Viy

(Find me at 50 Watts Books.)



Édouard Chimot, Le visage humain, 1921
via Adventures in the Print Trade

Of a sudden . . . in the midst of the silence . . . the iron lid of the coffin burst open with a crash, and the corpse of the dead girl sat up. Even more frightful was she now than the first time. Frightfully her teeth rattled, convulsively her lips twitched, wildly she screamed incantations. A whirlwind swept through the church; the icons fell on their faces; the smashed panes flew out the windows. The doors were torn from their hinges, and an innumerable horde of horrors swept into the holly church. The whole place was filled with a terrible sound of the scratching of claws and the swishing of wings. In a flock, they swooped and wheeled, searching everywhere to find the philosopher.

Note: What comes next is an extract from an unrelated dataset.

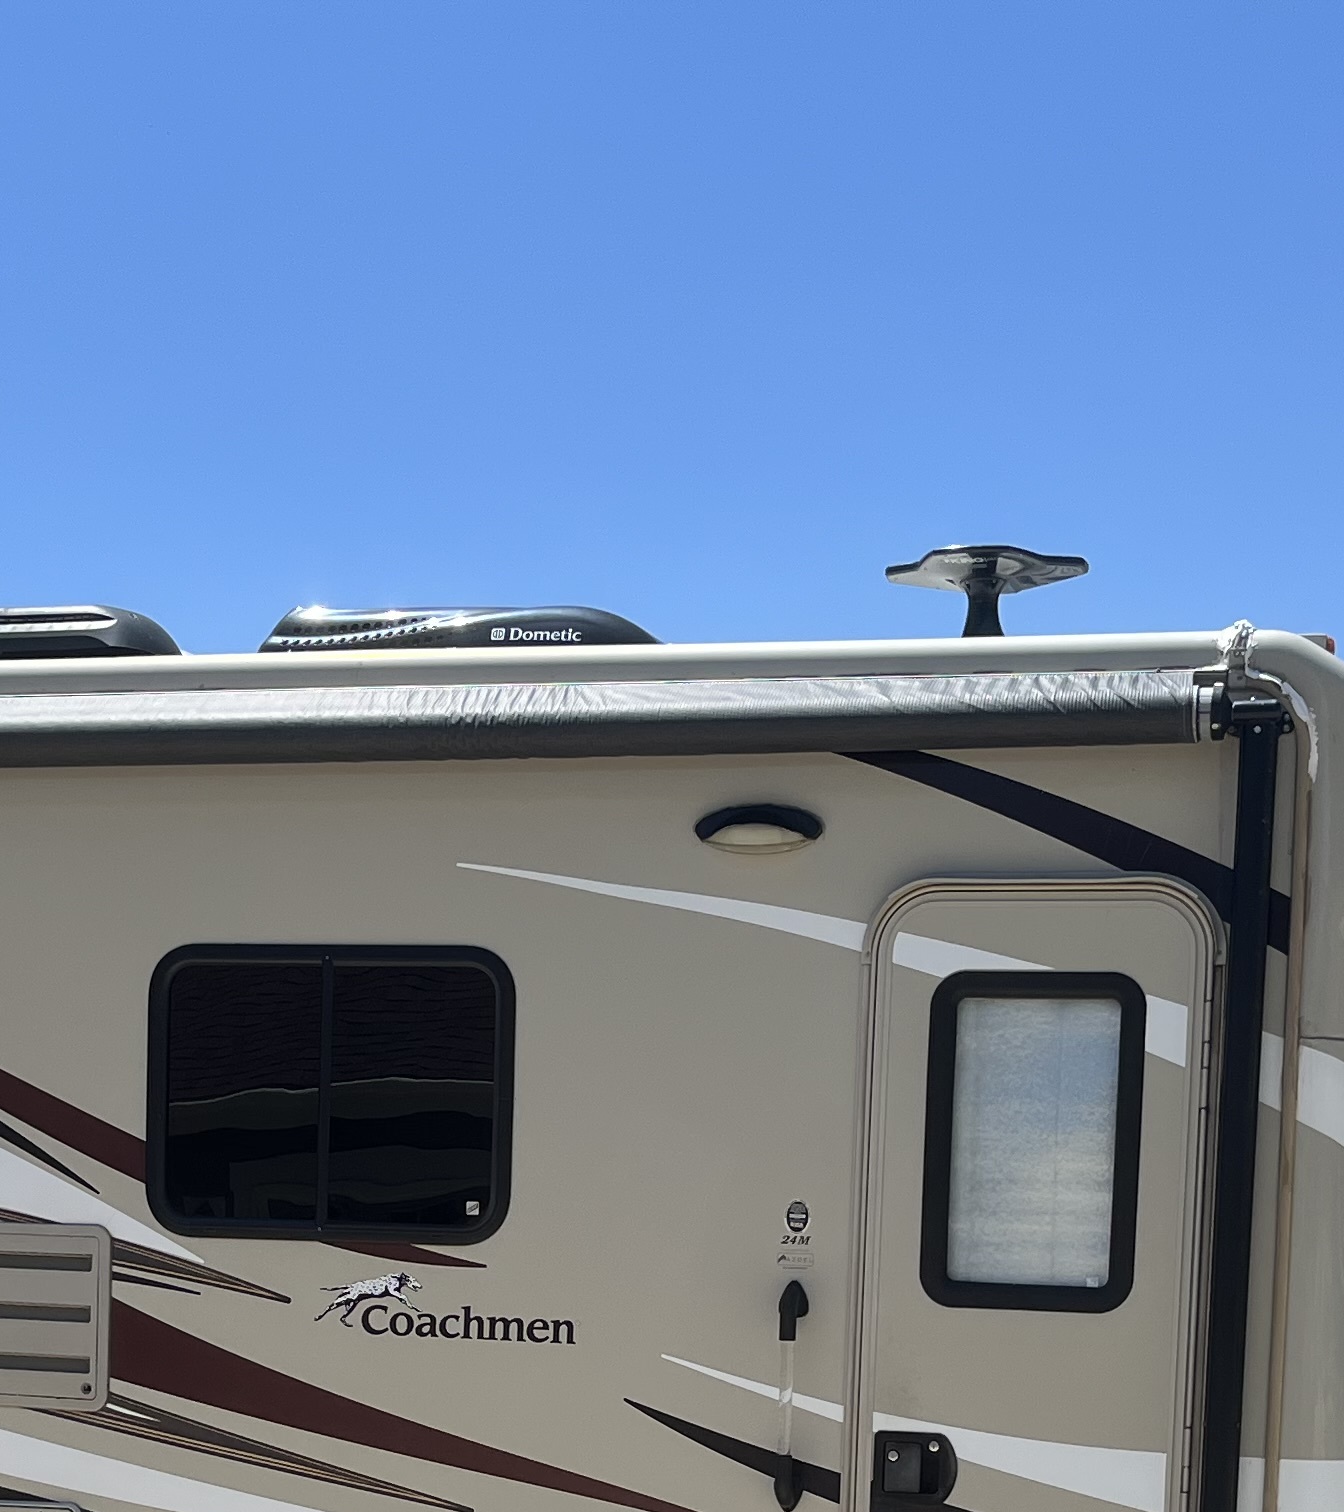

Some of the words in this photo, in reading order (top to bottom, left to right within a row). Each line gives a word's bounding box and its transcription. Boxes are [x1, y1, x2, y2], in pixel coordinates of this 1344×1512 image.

--Nikolai Gogol: Viy (Epigraph to Memoirs of Hecate County by Edmund Wilson)


Here's the scene (no longer on youtube) from the '67 movie Viy, which I was lucky enough to see on a huge screen a few years ago.


I created this post just to use the above image by Chimot. Check out the rest of Neil Philip's beautiful "Dicing with Death" post at his Adventures in the Print Trade. Neil includes some other Chimot images, and explains: "They were made for an edition of the harrowing vision of existential nothingness that is the novel L’Enfer (Hell), by Henri Barbusse."


Sept. 19 update, Neil added in the comments section:

You might like to know the exact text to which Chimot was responding in creating this etching. It is: "Un grand sujet de sculpture: l'être adoré qu'on a perdu, soulevant la dalle du tombeau et vous montrant sa figure. Ce visage humain est à la fois infiniment désirable et teerrifiant."